Features and benefits
Black Diamond have made the following improvements:
- Shaved 10% off their weight
- Size 4, 5, and 6 cams have trigger keepers
- Updated the slings for easier identification
- Slightly wider trigger
One of the main features of the new Black Diamond C4 cams that stands out is the weight saving. They have always been one of the heavier cams on the market, but that has not put many people off buying them. So, let’s compare the size .3, and the size 4 with their old counter parts.
The old C4 size .3 on the left (top), and the new C4 on the right. There is a 6 gram difference, not quite 10%, but close to it (8% for you math nerds out there). And the old C4 size 4 on the left (bottom), and the new C4 on the right. You can see there is a 28 grams difference, exactly 10%.

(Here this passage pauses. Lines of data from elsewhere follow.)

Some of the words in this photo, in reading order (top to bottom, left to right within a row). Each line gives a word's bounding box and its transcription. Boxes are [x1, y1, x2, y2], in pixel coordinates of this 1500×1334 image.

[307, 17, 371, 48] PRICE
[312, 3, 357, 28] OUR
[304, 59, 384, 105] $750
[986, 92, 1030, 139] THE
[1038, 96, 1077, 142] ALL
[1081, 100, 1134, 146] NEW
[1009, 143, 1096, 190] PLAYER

It may feel like only a fraction of weight is saved on each cam. But when carrying a whole rack, or even a double rack when going big walling, this does make a substantial difference. And you will definitely feel the difference, if you are going chimney/crack climbing, when using a selection of the bigger cams.

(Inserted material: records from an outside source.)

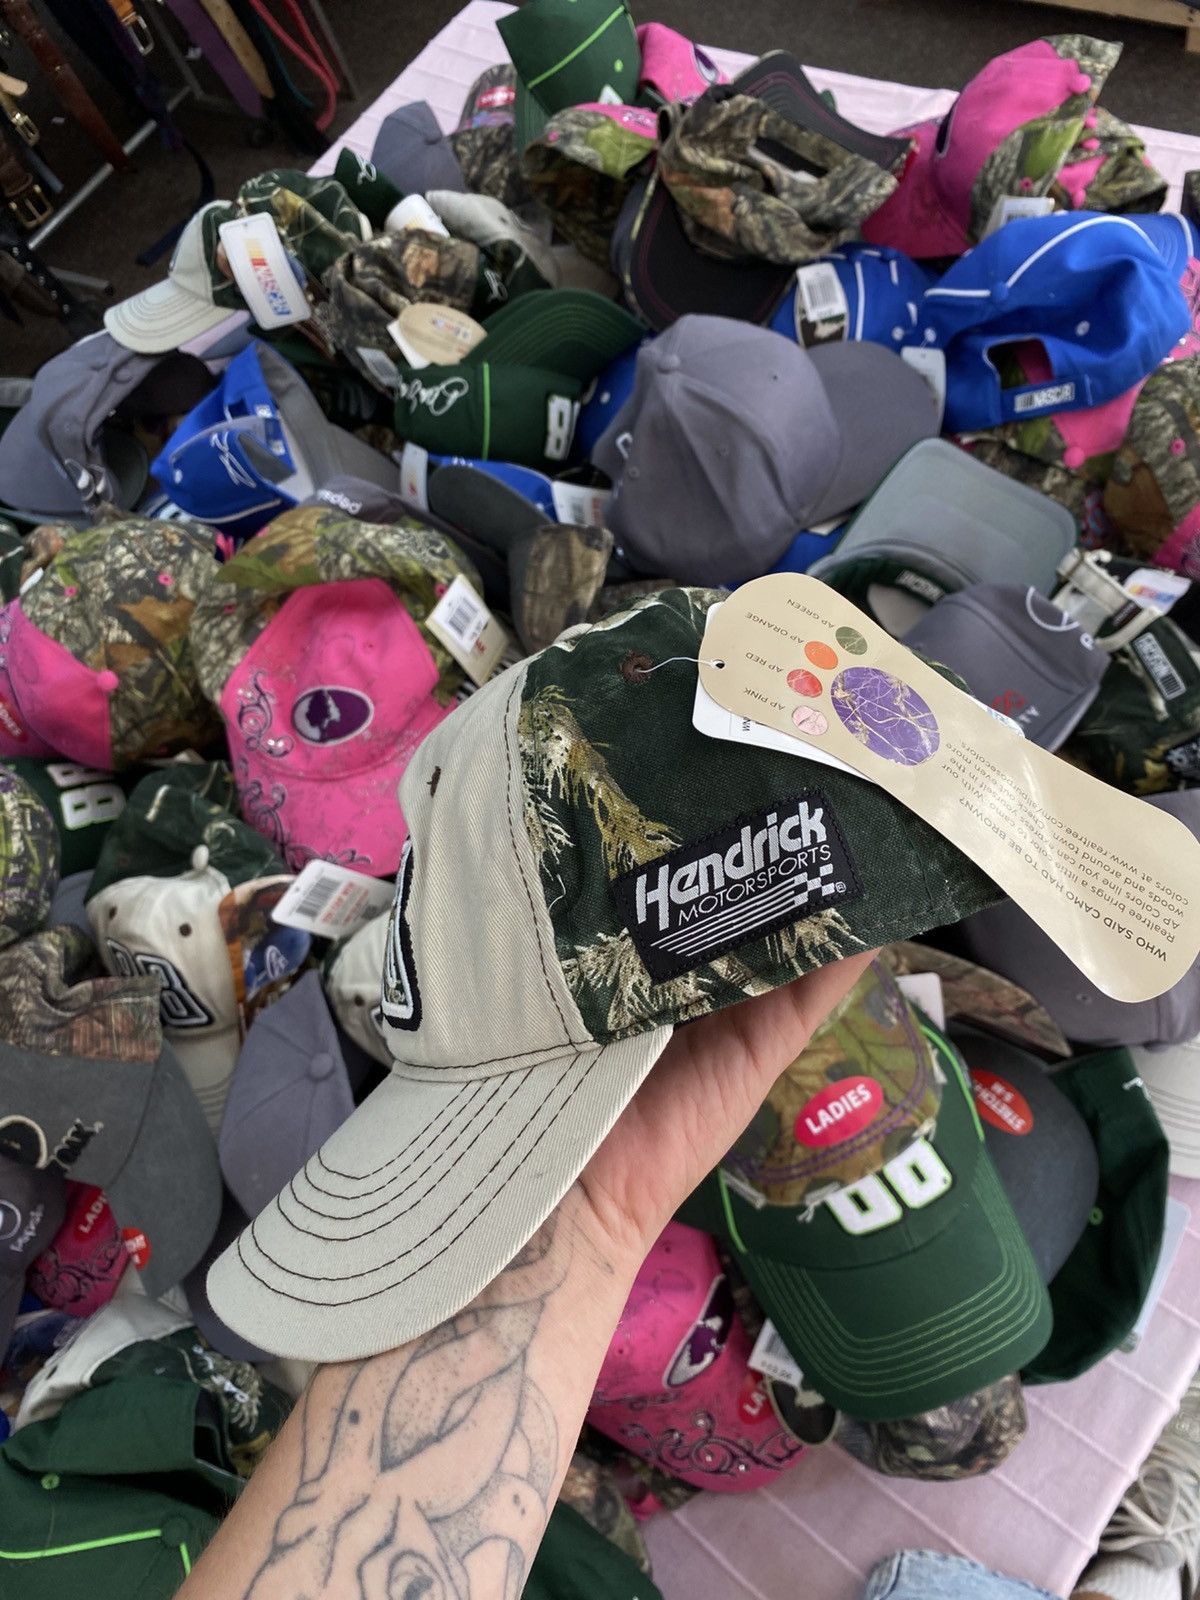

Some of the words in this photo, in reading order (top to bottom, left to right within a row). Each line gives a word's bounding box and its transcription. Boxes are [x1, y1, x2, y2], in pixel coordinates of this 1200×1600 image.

[786, 598, 820, 620] GREEN
[745, 611, 788, 636] ORANGE
[820, 618, 834, 628] AP
[789, 633, 803, 644] AP
[745, 650, 766, 665] RED
[768, 662, 783, 673] AP
[743, 686, 768, 703] PINK
[768, 699, 785, 711] AP
[944, 741, 972, 765] more
[940, 762, 960, 779] our
[948, 756, 967, 773] the
[972, 763, 998, 785] even
[966, 771, 978, 783] in
[959, 777, 987, 802] With
[998, 784, 1016, 802] out
[957, 795, 1007, 839] BROWN?
[1015, 800, 1045, 830] Check
[1006, 837, 1022, 854] BE
[1028, 838, 1052, 862] color
[635, 801, 826, 931] Hendrick
[1022, 853, 1040, 870] TO
[1054, 849, 1076, 866] can
[1080, 850, 1122, 880] around
[1039, 868, 1064, 891] HAD
[1052, 859, 1080, 883] little
[1077, 861, 1100, 880] you
[1139, 872, 1152, 884] at
[678, 844, 832, 927] MOTORSPORTS
[1079, 878, 1088, 887] a
[1100, 877, 1122, 895] line
[1122, 876, 1145, 894] and
[1153, 880, 1189, 907] colors
[1063, 889, 1101, 919] CAMO
[1089, 883, 1127, 912] brings
[1122, 890, 1161, 918] Colors
[1145, 890, 1184, 918] woods
[1101, 915, 1134, 940] SAID
[1126, 908, 1176, 943] Realtree
[1161, 915, 1180, 930] AP
[1134, 935, 1169, 961] WHO
[804, 1083, 873, 1136] LADIES
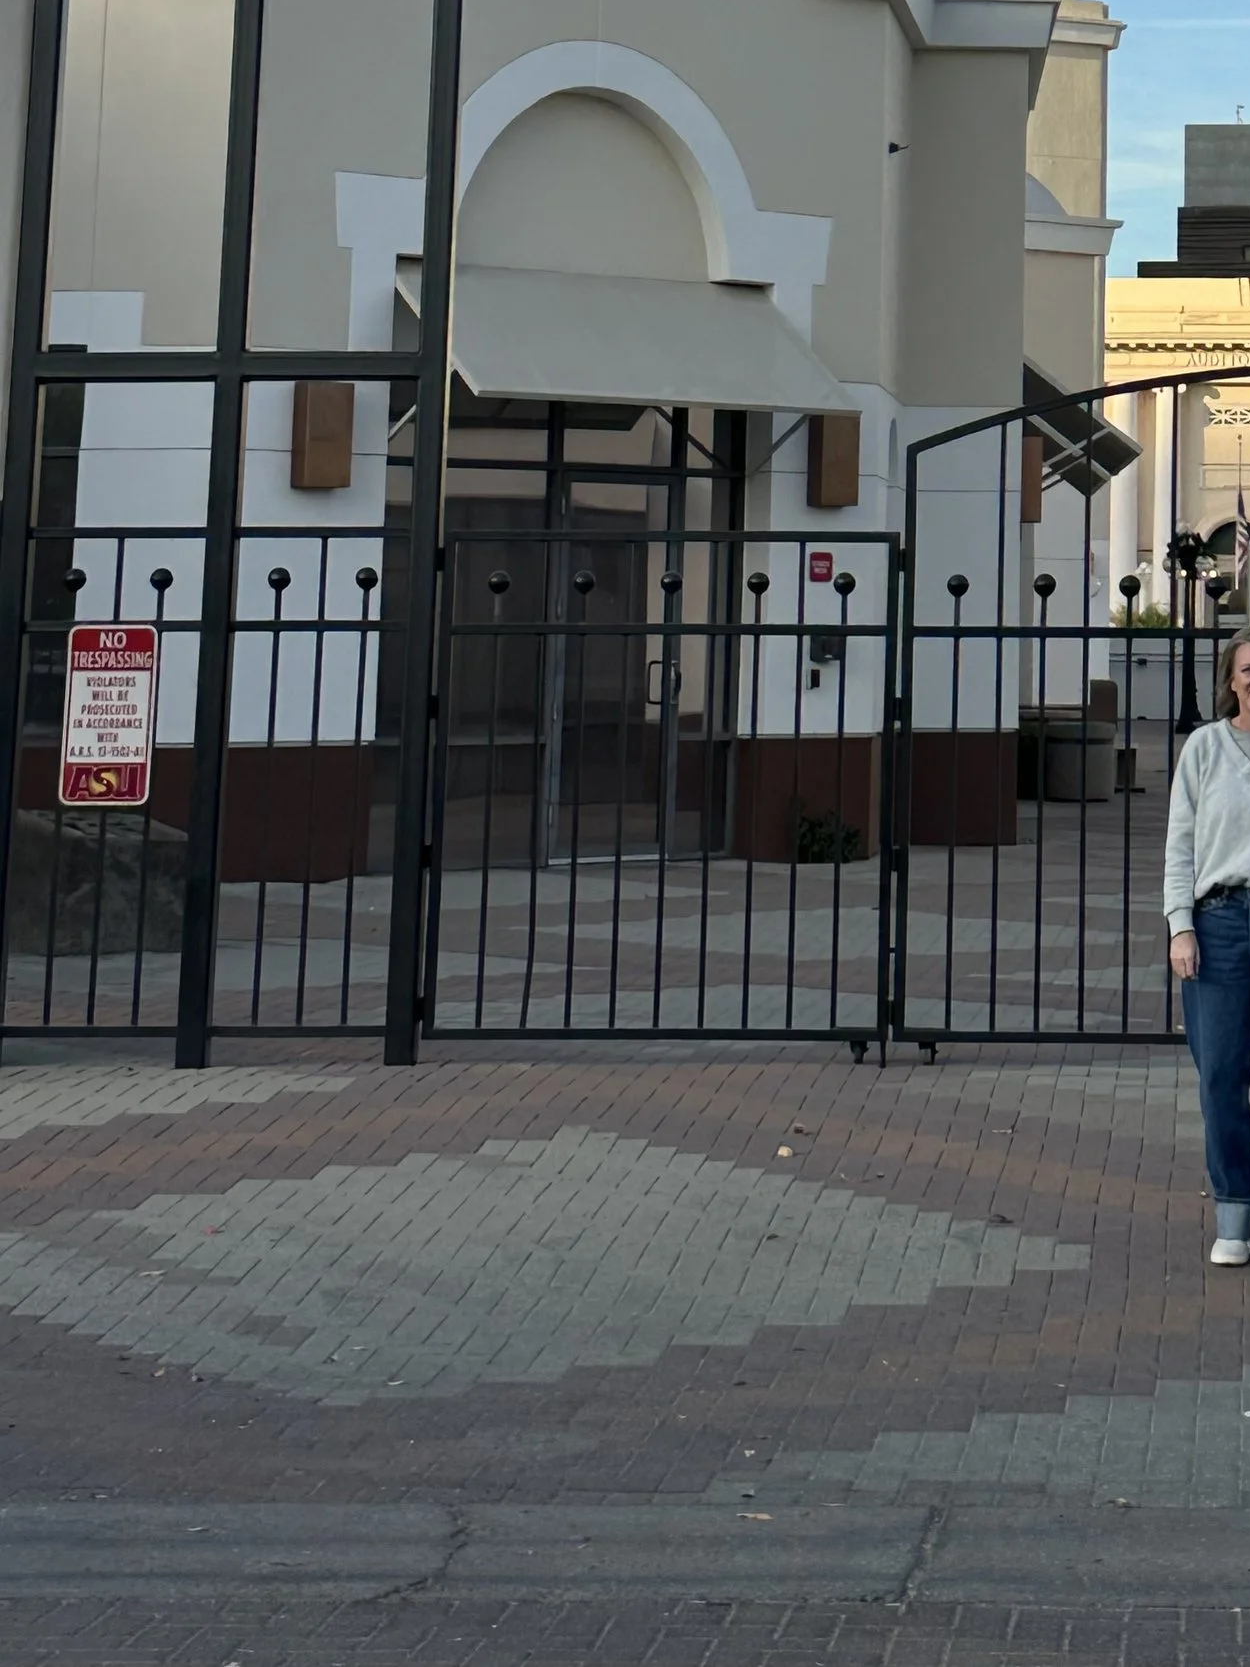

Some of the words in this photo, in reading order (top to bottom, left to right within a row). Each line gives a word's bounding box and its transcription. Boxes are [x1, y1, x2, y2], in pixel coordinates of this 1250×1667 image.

[99, 631, 127, 649] NO
[73, 651, 153, 669] TRESPASSING
[86, 676, 136, 688] VIOLATORS
[92, 690, 114, 702] WILL
[117, 690, 129, 702] BE
[81, 704, 138, 716] PROSECUTED
[73, 718, 83, 729] IN
[86, 718, 143, 730] ACCORDANCE
[66, 765, 141, 800] ASU

A whole rack, from size .3 to 4, would give you a saving a total of around 130 grams. Which may not seem like a lot, but every little helps. This does not mean I would discard my old C4 cams, but if any of them need replacing, I would definitely go for the newer C4’s.
Although these are not as light as the ultralight cams, these will last you much longer. Because the loop of the Black Diamond Ultralight cams are made from dyneema, these have a limited lifespan of 10 years. Whereas the C4’s can last you a lifetime, with occasionally the tape being replaced, as the loop is made of metal wire.
Has the lobe redesign affected the strength rating of the new Black Diamond C4 cams? Yes it has, some of the cams have been affected. Please see the table below:
I am assuming the change in strength is due to design change in the lobes of the cams. Although, comparing the new Black Diamond C4 cam size 0.3 to its predecessor, there does not seem to be an obvious lobe redesign, apart from they are slightly thinner. But the strength rating is still very big. It would have to be a very large fall factor to create a force big enough to break the smaller cams. Based on an 86Kg climber (me), a factor 2 fall would generate around 9.7KN. (blog on fall factors will soon be published).
One of the features which is an ingenious, yet simple addition, are the trigger keepers.
These are featured on the larger sized Black Diamond C4 cams. Namely size 4, 5 and 6. These allow the lobes to stay retracted, hence saving space when hanging off one of the gear loops. As well as when stored in a haul bag. There are no long term effects on the spring, if the cams are stored or kept retracted for long periods of time.
The trigger keepers also make placements that little easier. You place the retracted cam in a crack, pull the trigger slightly, and you have a placement.